■ **Data records**:
====
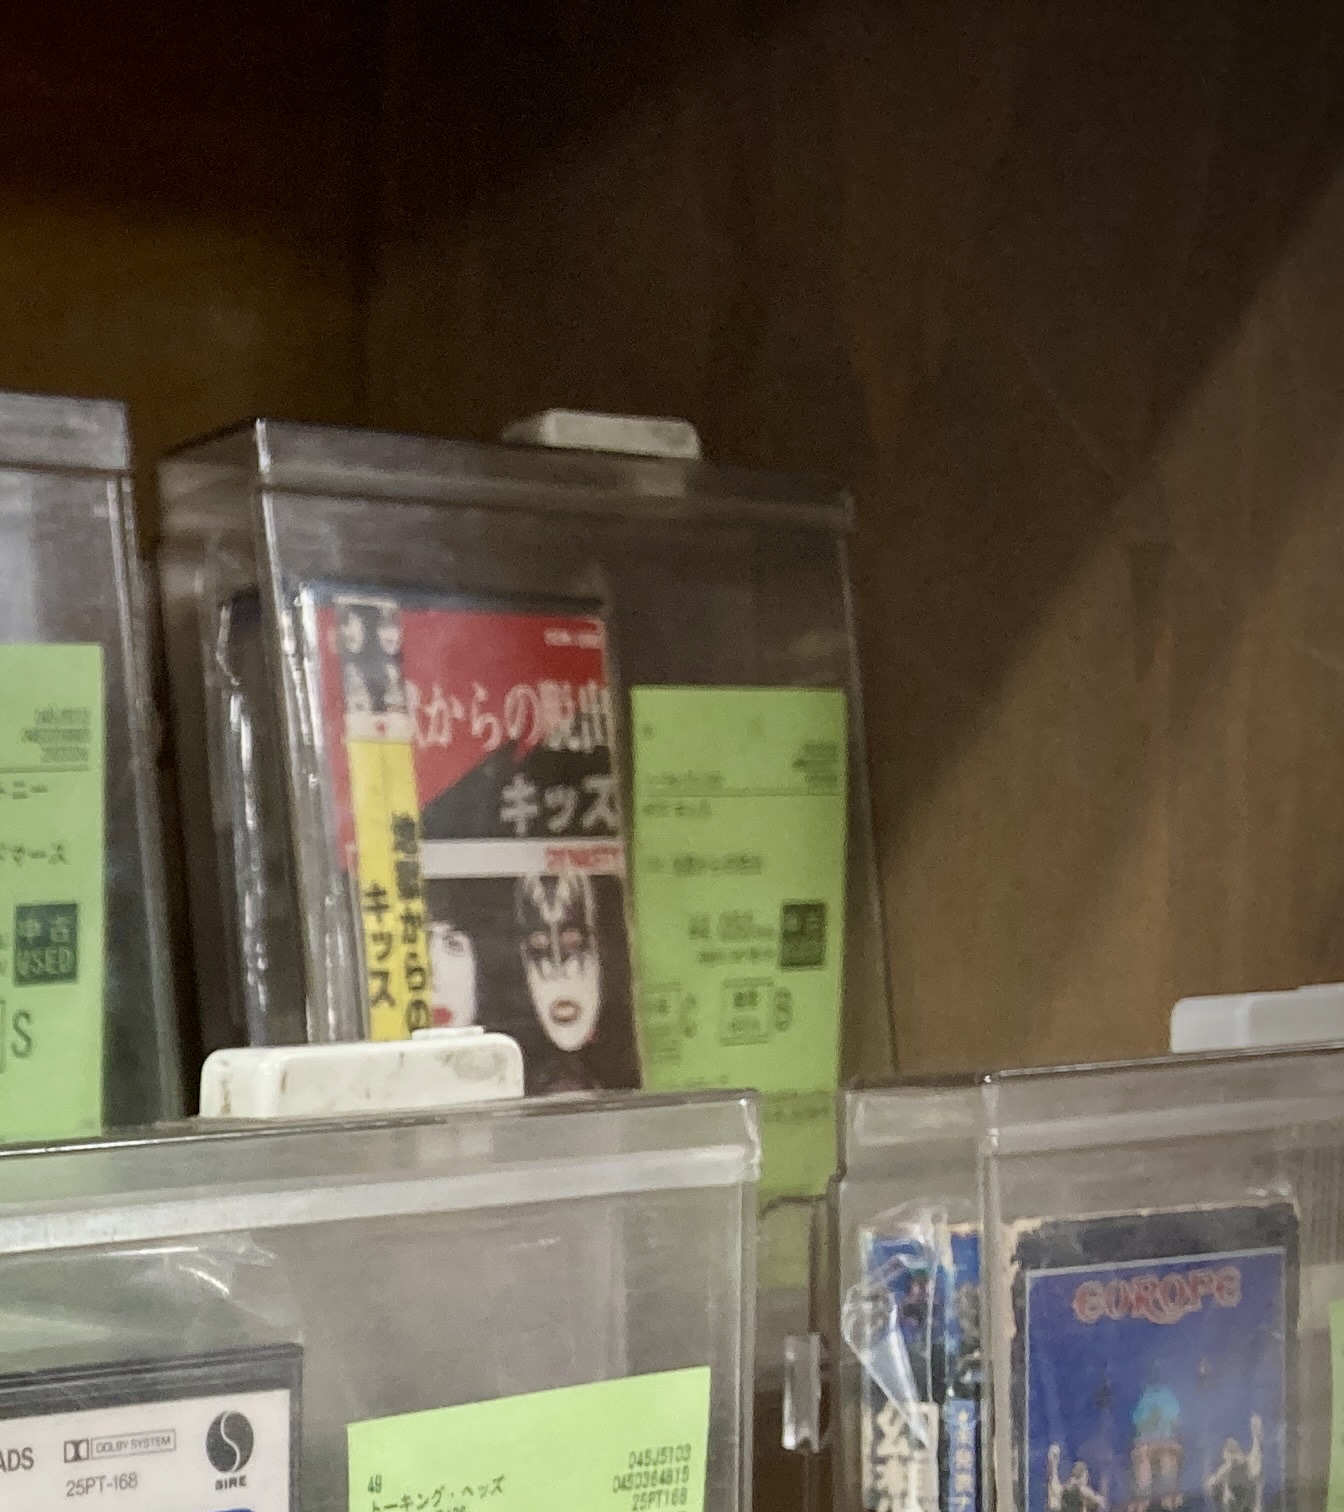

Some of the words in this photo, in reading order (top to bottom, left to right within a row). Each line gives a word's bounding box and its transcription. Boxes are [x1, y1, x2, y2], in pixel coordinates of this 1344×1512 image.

[499, 771, 620, 838] キッス
[10, 1009, 34, 1060] S
[65, 1471, 139, 1498] 25PT-168
[215, 1475, 247, 1490] SIRE
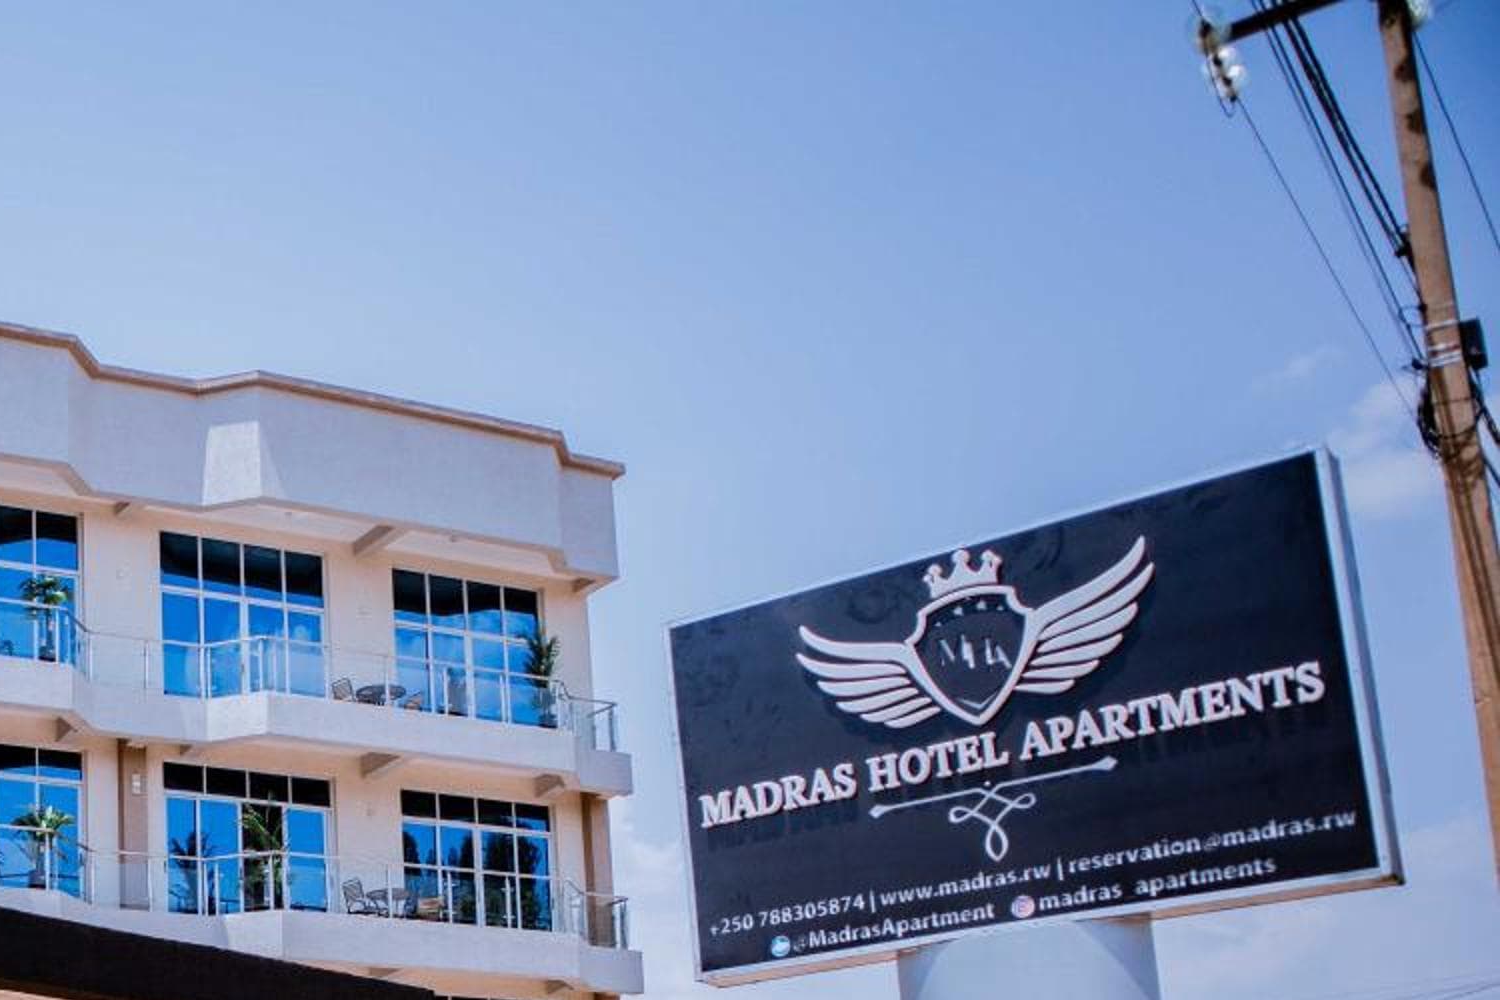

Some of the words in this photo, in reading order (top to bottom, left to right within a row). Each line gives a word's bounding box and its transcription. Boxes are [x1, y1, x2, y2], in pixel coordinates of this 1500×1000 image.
====
■ **TASK BRIEF**:
Write out all the entries exactly, except for the pictures.

■ **RESPONSE TO THE EXERCISE**:
Some of the words in this photo, in reading order (top to bottom, left to right within a row). Each line gives a word's bounding box and its transcription. Boxes are [x1, y1, x2, y2], in pixel coordinates of this 1344×1512 image.

[499, 771, 620, 838] キッス
[10, 1009, 34, 1060] S
[65, 1471, 139, 1498] 25PT-168
[215, 1475, 247, 1490] SIRE

Some of the words in this photo, in reading order (top to bottom, left to right within a row). Each line gives a word's bounding box and its transcription. Boxes are [x1, y1, x2, y2], in pixel coordinates of this 1500×1000 image.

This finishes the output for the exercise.